100 passengers in close contact with infected leave Japan ship

A bus arrives near the cruise ship Diamond Princess, where dozens of passengers were tested positive for coronavirus, at Daikoku Pier Cruise Terminal in Yokohama | Reuters A bus arrives near the cruise ship Diamond Princess, where dozens of passengers were tested positive for coronavirus, at Daikoku Pier Cruise Terminal in Yokohama | Reuters

Around 100 more passengers were allowed to disembark from the coronavirus-stricken Diamond Princess cruise ship on Saturday as Japan's health minister apologised after 23 others were allowed to leave without being properly tested.

The 100 passengers who left on Saturday had been in close contact with infected people on board, local media said.

They included the last group of Japanese passengers to leave the ship while some foreign passengers were still waiting on board for chartered aircraft to be sent by their governments. Around 970 passengers disembarked earlier this week.
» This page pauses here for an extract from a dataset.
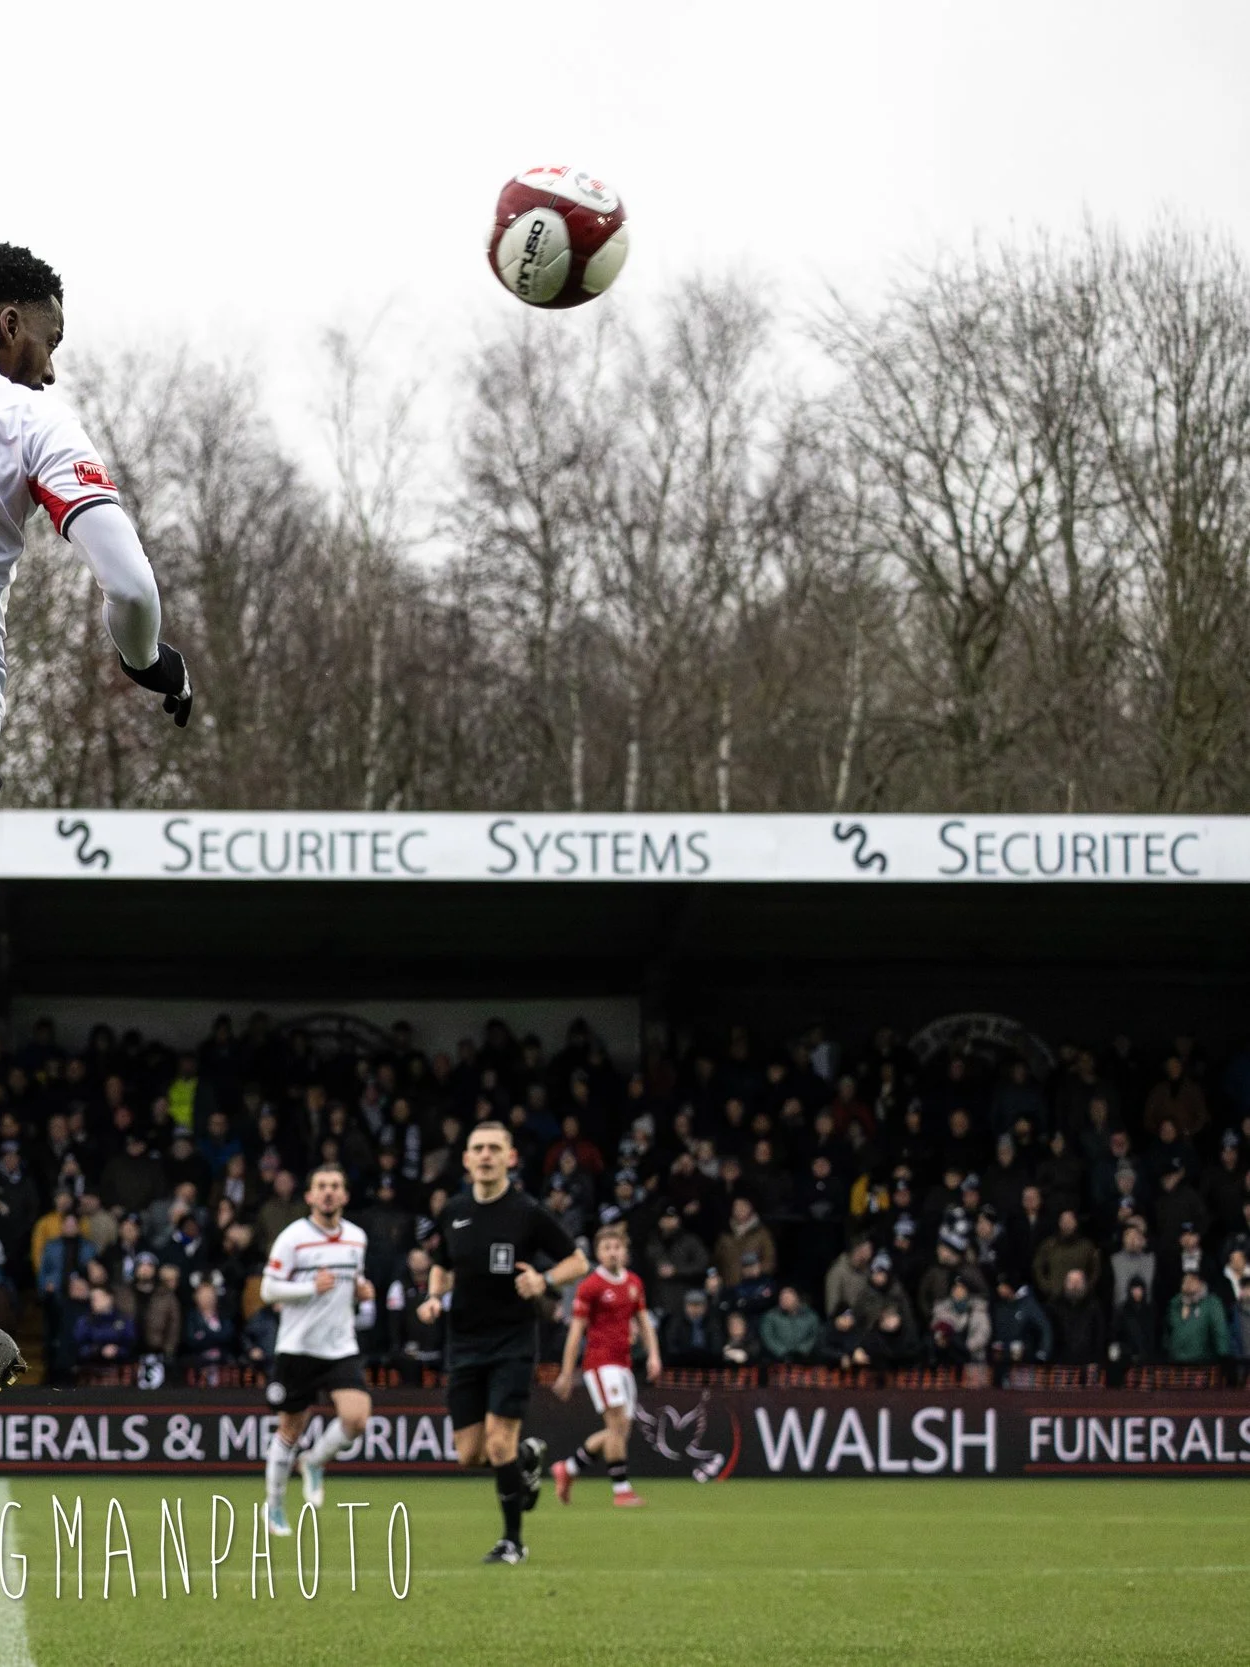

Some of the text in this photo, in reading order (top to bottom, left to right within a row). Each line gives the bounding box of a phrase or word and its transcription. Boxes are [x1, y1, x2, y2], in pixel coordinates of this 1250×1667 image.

Television footage showed a driver in a white protective suit at the wheel of a bus with the curtains drawn so that passengers could not be identified.

They will be quarantined for two weeks near Tokyo, officials said.

At a news conference on Saturday, Health minister Katsunobu Kato apologised that 23 passengers had been allowed to disembark from the ship without undergoing all the required tests.

"We deeply regret that our operational mistake caused the situation," Kato said, adding that the passengers would be tested again.

With the latest disembarkation, a 14-day quarantine is expected to start for more than 1,000 crew still on board as many of them did not undergo isolation because they were needed to keep the ship running.

They were preparing food and delivering meals to cabins, leading some critics to charge they were inadvertently spreading the virus throughout the ship, which has seen more than 600 cases of the potentially deadly COVID-19 disease.

Kato defended Japan's on-board quarantine, telling a TV programme Saturday there was no medical facility large enough to admit more than 3,000 people at once.

Speaking at the news conference, Kato said six Australian passengers tested positive after leaving Japan. Kato also confirmed that a Japanese hospital on Saturday used the anti-influenza medication Avigan, also known as Favipiravir, to treat a patient infected with the virus.

Earlier in the day, Kato said the government would push for the use of such medicines if they were confirmed to be effective. Outside the Diamond Princess, Japan has seen 105 cases of the new coronavirus.